Measuring blood oxygen levels using integrated photonics

Technical Pride: Measuring blood oxygen levels using integrated photonics  

In this article, we take a dive into the work of some of our researchers. This time, we will be highlighting the work carried out by Evelien Hermeling, Principal Member of Technical Staff at imec at the Holst Centre, and her team on the “speckle monitor.” This innovative optical device measures heart rate and blood oxygen levels independently of light absorption. Evelien presented the technology, which is based on integrated photonics, during Dutch King Willem-Alexander’s working visit to the Holst Centre in April this year.


Wavy pattern

“Current saturation meters, such as the finger clips doctors use in hospitals, measure the amount of oxygen in the blood, based on the amount of red and infrared light your finger absorbs. For every heartbeat, you get more and less blood in your finger, resulting in a wavy pattern, allowing you to determine the blood oxygen level. It is an easy and non-invasive method. However, during the Covid pandemic, it was found that high values were incorrectly measured in people with darker skin color. A saturation of 95 percent or higher is normal. On the other hand, if this oxygen saturation of your blood falls below 90 percent, that means there is a deficiency. In someone with a darker skin tone and a low saturation of 80 percent, the finger clip then measures a higher value of, say, 93. This may result in that person being treated later than they should have been, given that the severity of their condition has not been properly assessed.”

Evelien Hermeling

A more robust measurement method

The speckle monitor measures independently of light absorption. Even if the bright light from a smartphone were to shine into the monitor, it would not affect the measurement. “Our method is based on speckle, a kind of noise pattern, a ‘scattering’ that occurs when you use a laser instead of an ordinary light. If you quantify that, you get a similar wavy pattern that changes under heart rate impulse.”
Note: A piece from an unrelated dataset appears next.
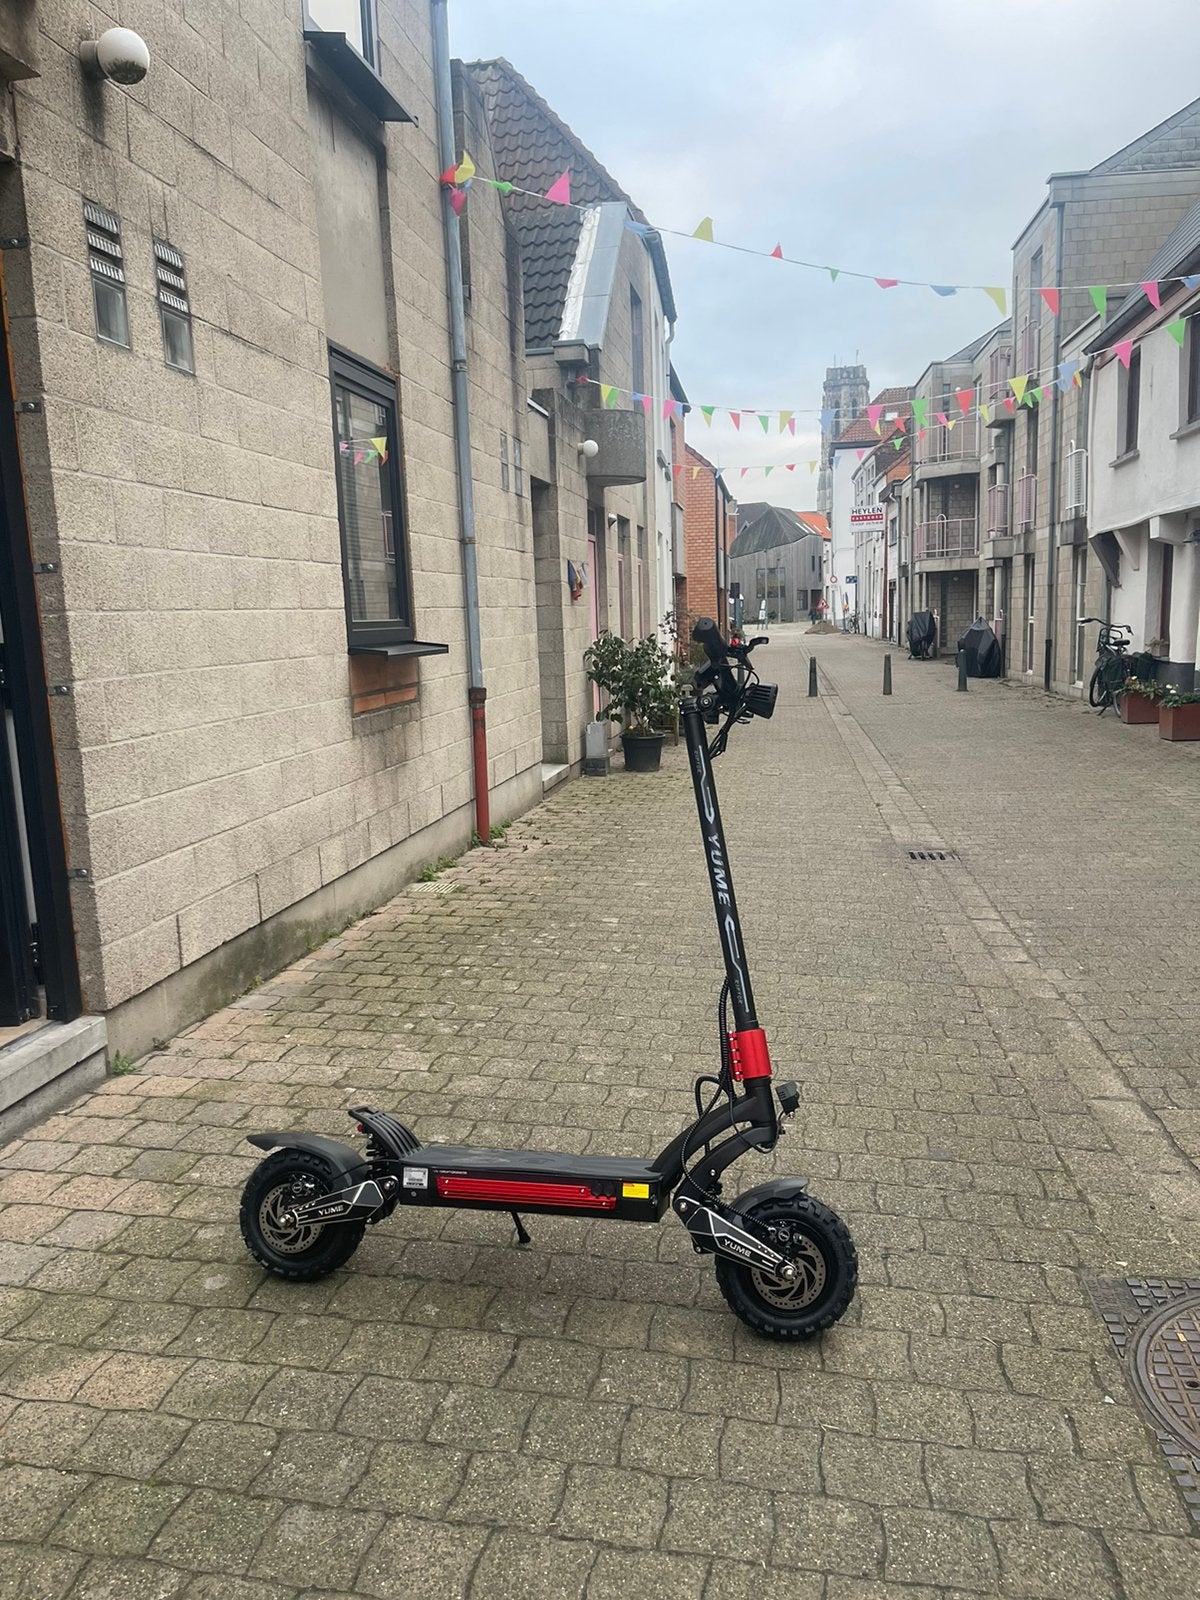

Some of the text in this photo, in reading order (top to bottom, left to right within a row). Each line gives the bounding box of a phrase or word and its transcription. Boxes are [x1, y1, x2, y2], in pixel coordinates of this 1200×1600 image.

“With current meters, people with darker skin tones are often presented with incorrect results. This is because you get less light back when you shine a light on them. This makes sense because their skin is darker. However, because speckle is insensitive to absorption, skin color doesn’t affect any results. The technology therefore provides an opportunity to develop a more robust method for measuring blood oxygen levels.”


Making a real difference

Evelien is working with a full team to develop the speckle monitor. Optical engineer Lena Schnitzler, who has been with imec since September last year, has also been studying the principle. Lena: “I am mainly responsible for the optical components, or, in other words, for the design of the complete setup. When I started last year, the essential components were already there. Building on that foundation, I began to refine and expand the setup to enable higher resolutions and produce enlarged images. The current setup is about the size of a shoebox. I am focused on both reducing the size and exploring the integration of additional features, such as using different wavelengths to gain additional insights.” 

Lena Schnitzler

Lena received her Ph.D. in multi-model microscopy and holography, before going on to complete a postdoc in optical spectroscopy and microscopy at Ruhr University Bochum, Germany. She chose to work at imec because it offers the perfect mix of research and close collaboration with industrial partners. Lena: “At imec, you get the freedom to explore your research interests, while at the same time working towards creating working prototypes. It is a great feeling to be working on projects that can make a real difference in people’s lives.”

Getting the most out of yourself through collaboration

Another difference from academia is that Lena is able to pool other people’s knowledge to develop prototypes together. She explains: “As an academic, you carry out most of your work independently, from writing code to building the electronics. here, however, our team comprises a biomedical engineer, who focuses on measurements, software engineers, who go from physiological data to interpretations and algorithms, and hardware engineers, who work on minimizing a large laser to some kind of finger clip or some other application. We support each other and can always come to one another if we have questions. This not only accelerates our research, but it also gives us a broader base to innovate and explore different possibilities.”


This collaboration is what Evelien values most. As a basketball player, she understands the significance of teamwork. “Each individual has a distinct role and unique qualities. Mutual appreciation is essential.” In her profession, Evelien takes pleasure in bringing people with different areas of expertise together and motivating them. “To get the most out of themselves and achieve great results together. That’s what it is all about for me.”